The Tension Builds (It’s Almost Monday)
By KELLEY HOLLAND
THE feeling is familiar: you are savoring the last of a leisurely Sunday lunch or a long walk in the park when you abruptly realize that your weekend will be over in a matter of hours. In an instant, you are deep in what John Updike called the “chronic sadness of late Sunday afternoon.” As you envision the to-do pile on your desk, the meetings on your calendar, and that trip to Topeka on Tuesday, your mood shifts again, your muscles tense and your head begins to ache.
You have a case of workplace-related stress. You also have plenty of company.
Poll results released last October by the American Psychological Association found that one-third of Americans are living with extreme stress, and that the most commonly cited source of stress — mentioned by 74 percent of respondents — was work. That was up from 59 percent the previous year.
Some people would not be alarmed by this. When David W. Ballard, the association’s assistant executive director for corporate relations and business strategy, talks to executives, “the concept that stress can be a bad thing is sometimes foreign to them,” he said. “They say stress is a good thing. It motivates them.”
But excessive stress is different, and extremely expensive for employers. Highly stressed employees are absent more often and are much more likely to leave their jobs. When at work, they tend to be significantly less productive — a phenomenon known as presenteeism, which can be even more expensive than frequent absences, Dr. Ballard said.
More than half the respondents to the survey said they had left a job or considered doing so because of stress, and 55 percent said that stress made them less productive at work.
With costs like that, you’d think that companies would devote considerable resources to fighting the problem. But a survey published last year by Watson Wyatt suggests that they aren’t. For example, some 48 percent of the employers in the survey said stress created by long hours and limited resources was affecting business performance, but only 5 percent said they were taking strong action to address those areas.
“Everybody knows it’s an issue, but no one wants to look at it and address it,” said Shelly Wolff, Watson Wyatt’s North American leader for health and productivity. Employers view excessive workplace stress as an enormously costly problem that no one quite knows how to fix, she said. “There’s a fear of opening up something you can’t control,” she said. “They feel it’s going to open Pandora’s box.”
One problem is that stress can be subjective. Some people may feel permanently tethered to the office by their cellphones and laptops, but for others those devices are liberating. One person’s dreaded business trip is another’s respite from pressures at home.

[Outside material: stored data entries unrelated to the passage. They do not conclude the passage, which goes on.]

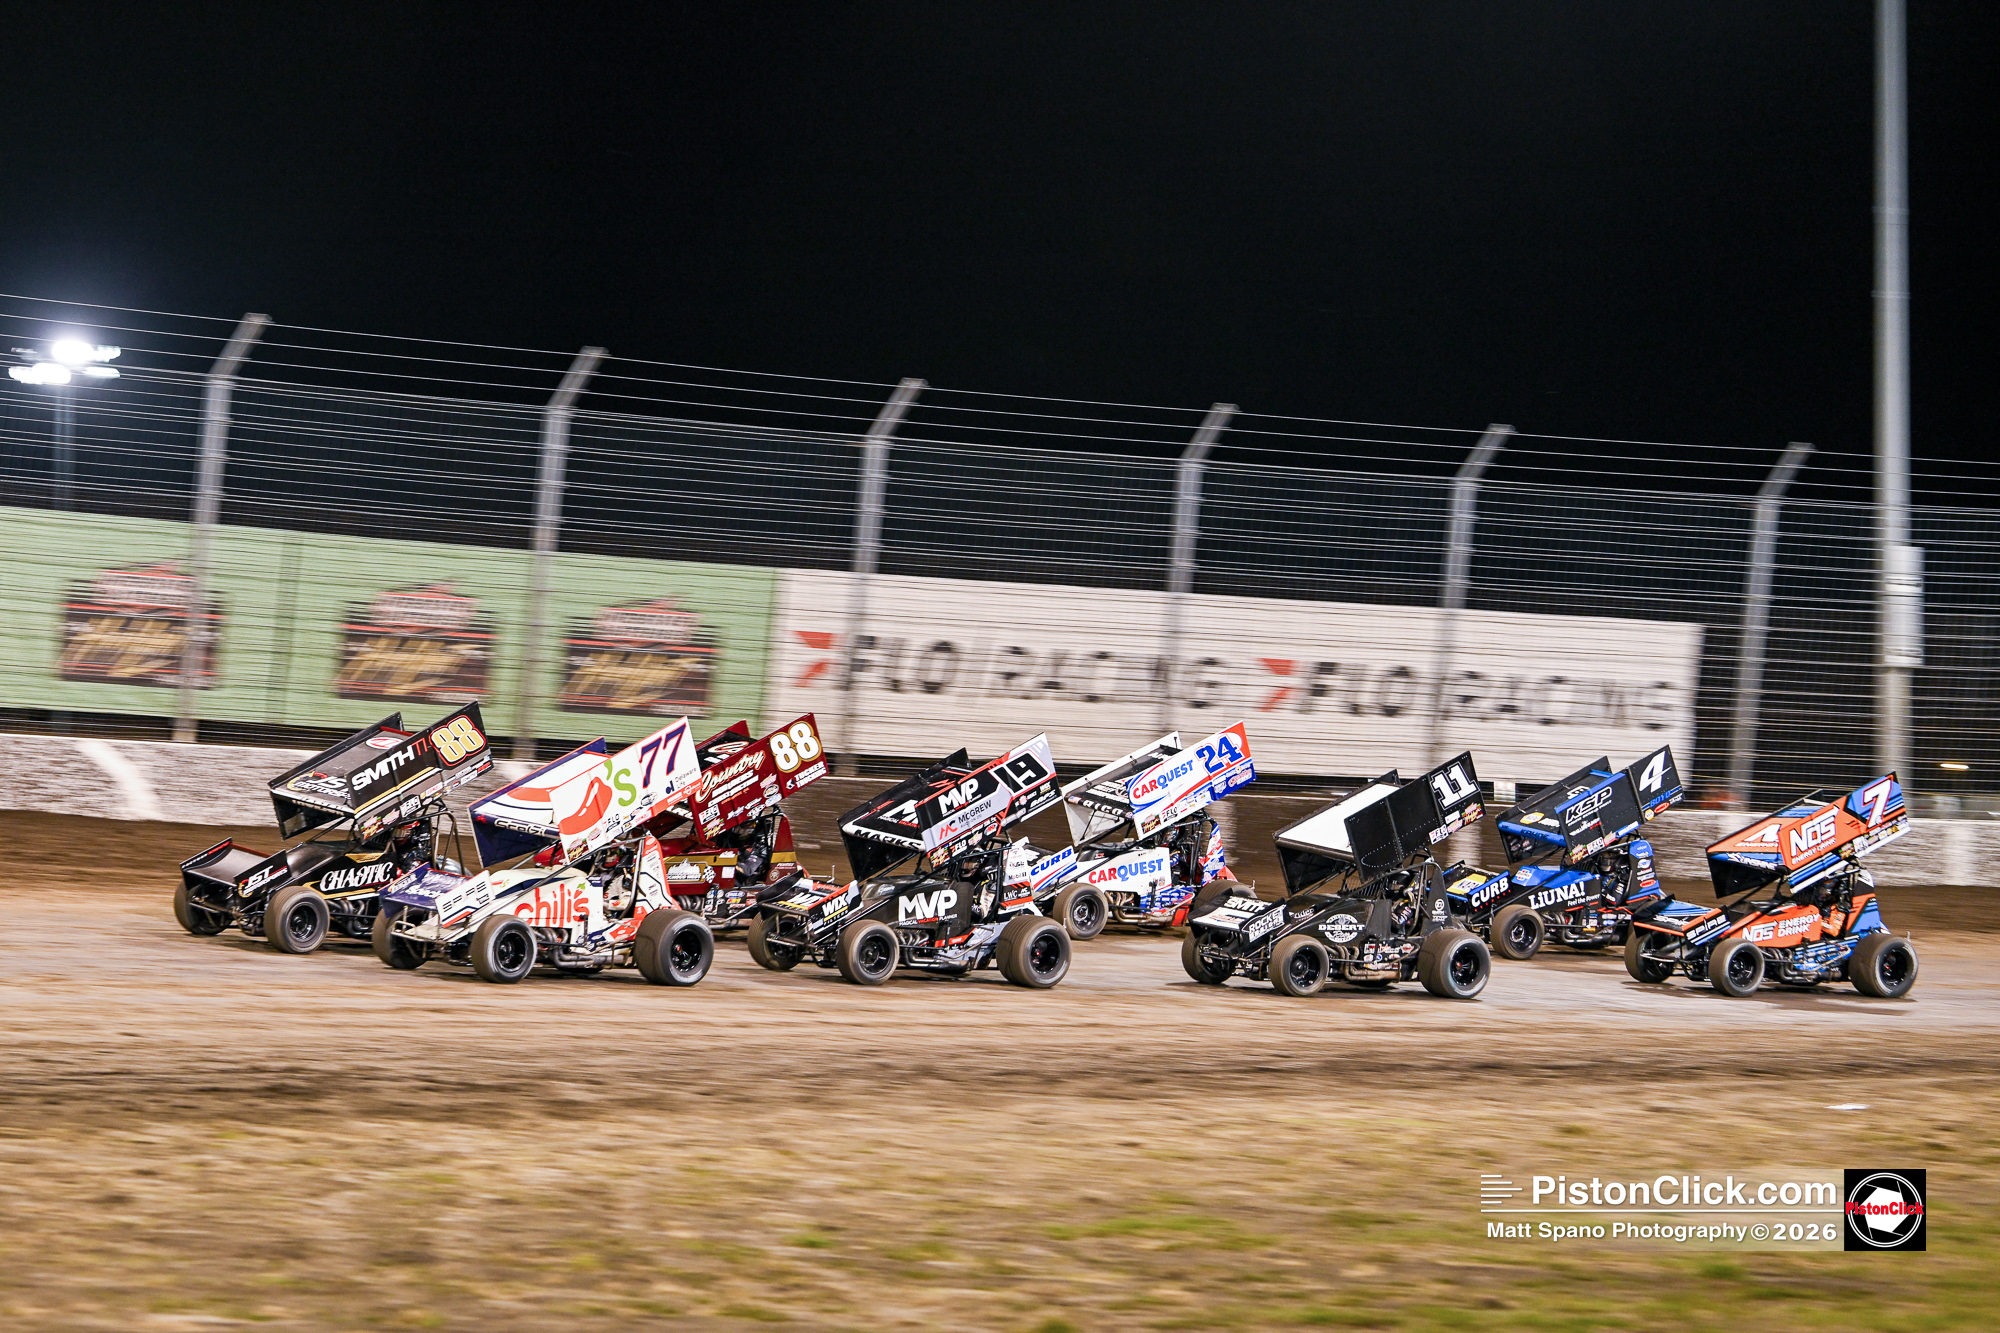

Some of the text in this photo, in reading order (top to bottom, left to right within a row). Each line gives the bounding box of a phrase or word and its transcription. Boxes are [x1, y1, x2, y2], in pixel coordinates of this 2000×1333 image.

[431, 716, 485, 765] 88
[639, 722, 687, 789] 77
[770, 721, 820, 772] 88
[1196, 735, 1244, 774] 24
[993, 751, 1050, 795] 19
[1132, 759, 1194, 800] CARQUEST
[1431, 762, 1478, 809] 11
[1639, 750, 1672, 793] 4
[937, 778, 979, 816] MVP
[1565, 786, 1613, 824] KSP
[1863, 778, 1893, 830] 7
[1789, 805, 1840, 858] NOS
[319, 861, 394, 892] CHAOTIC
[1030, 848, 1073, 876] CURB
[1088, 858, 1164, 884] CARQUEST
[821, 892, 849, 917] WIX
[898, 889, 958, 921] MVP
[1471, 876, 1509, 908] CURB
[1528, 881, 1586, 910] LiUNA!
[1686, 914, 1727, 940] SPIRE
[1742, 920, 1779, 942] NOS
[1777, 924, 1810, 938] DRINK
[1778, 913, 1820, 929] ENERGY

That means there is no one-size-fits-all way for employers to reduce office stress. But putting in place a variety of initiatives is still simpler and less expensive than dealing with extreme stress once it arrives.

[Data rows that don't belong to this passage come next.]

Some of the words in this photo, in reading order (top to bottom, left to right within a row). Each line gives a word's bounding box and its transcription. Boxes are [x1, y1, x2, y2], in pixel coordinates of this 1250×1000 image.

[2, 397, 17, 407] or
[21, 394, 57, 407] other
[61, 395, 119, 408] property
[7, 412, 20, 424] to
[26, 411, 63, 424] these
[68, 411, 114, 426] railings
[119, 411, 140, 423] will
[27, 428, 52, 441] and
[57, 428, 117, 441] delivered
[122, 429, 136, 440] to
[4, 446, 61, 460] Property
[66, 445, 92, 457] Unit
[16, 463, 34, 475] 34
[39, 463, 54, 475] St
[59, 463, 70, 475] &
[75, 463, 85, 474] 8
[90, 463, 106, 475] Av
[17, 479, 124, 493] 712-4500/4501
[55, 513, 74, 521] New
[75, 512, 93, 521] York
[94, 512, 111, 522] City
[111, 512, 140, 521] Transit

At GlaxoSmithKline, a program called “Team Resilience” combines things like health assessments, discussion groups and follow-up evaluations to deal with workplace stress.
The company’s promotion management group, which develops promotional materials and obtains regulatory approval for them, went through the process last fall. The roughly 100 employees in the group, spread between Philadelphia and Research Triangle Park in North Carolina, completed questionnaires about workplace stress and then met in groups organized by work specialty — editors with editors, designers with designers, and so on — to discuss results.
At the outset, “they thought, ‘Oh no, not another survey, not another class,’” said Karen W. Ruffner, the group director. “But when we set up workshops by functional areas, I think they were pleasantly surprised. It gave them an opportunity to talk among their peers. Sometimes you almost have to force that time for people who are really busy.” The groups are having follow-up meetings to address the issues that surfaced, like a desire for more flexibility in how work is organized, she said.
PricewaterhouseCoopers also addresses stress in multiple ways. For example, in annual surveys, employees asked for more coaching and opportunities to connect with more experienced colleagues — and got them.
Over the past two years, the firm has also created market teams for various business lines, which means that 80 to 100 people work together on a portfolio of client accounts. Employees can cover for one another more easily, easing some of the pressure.
Michael J. Fenlon, managing director for people strategy at PricewaterhouseCoopers, said the surveys found higher satisfaction levels and lower turnover among those in market teams. The goal, he said, was “to create an environment where there’s openness and a sense of mutual support,” he said, “where I can work through life-cycle events and no one’s going to think less of me.”
Until recently, if employees sent e-mails on weekends or after hours, an automatic message would appear asking the sender to wait, if possible, and let others enjoy their down time. The message was discontinued after the company determined that workers had taken this stress-reducing sentiment to heart.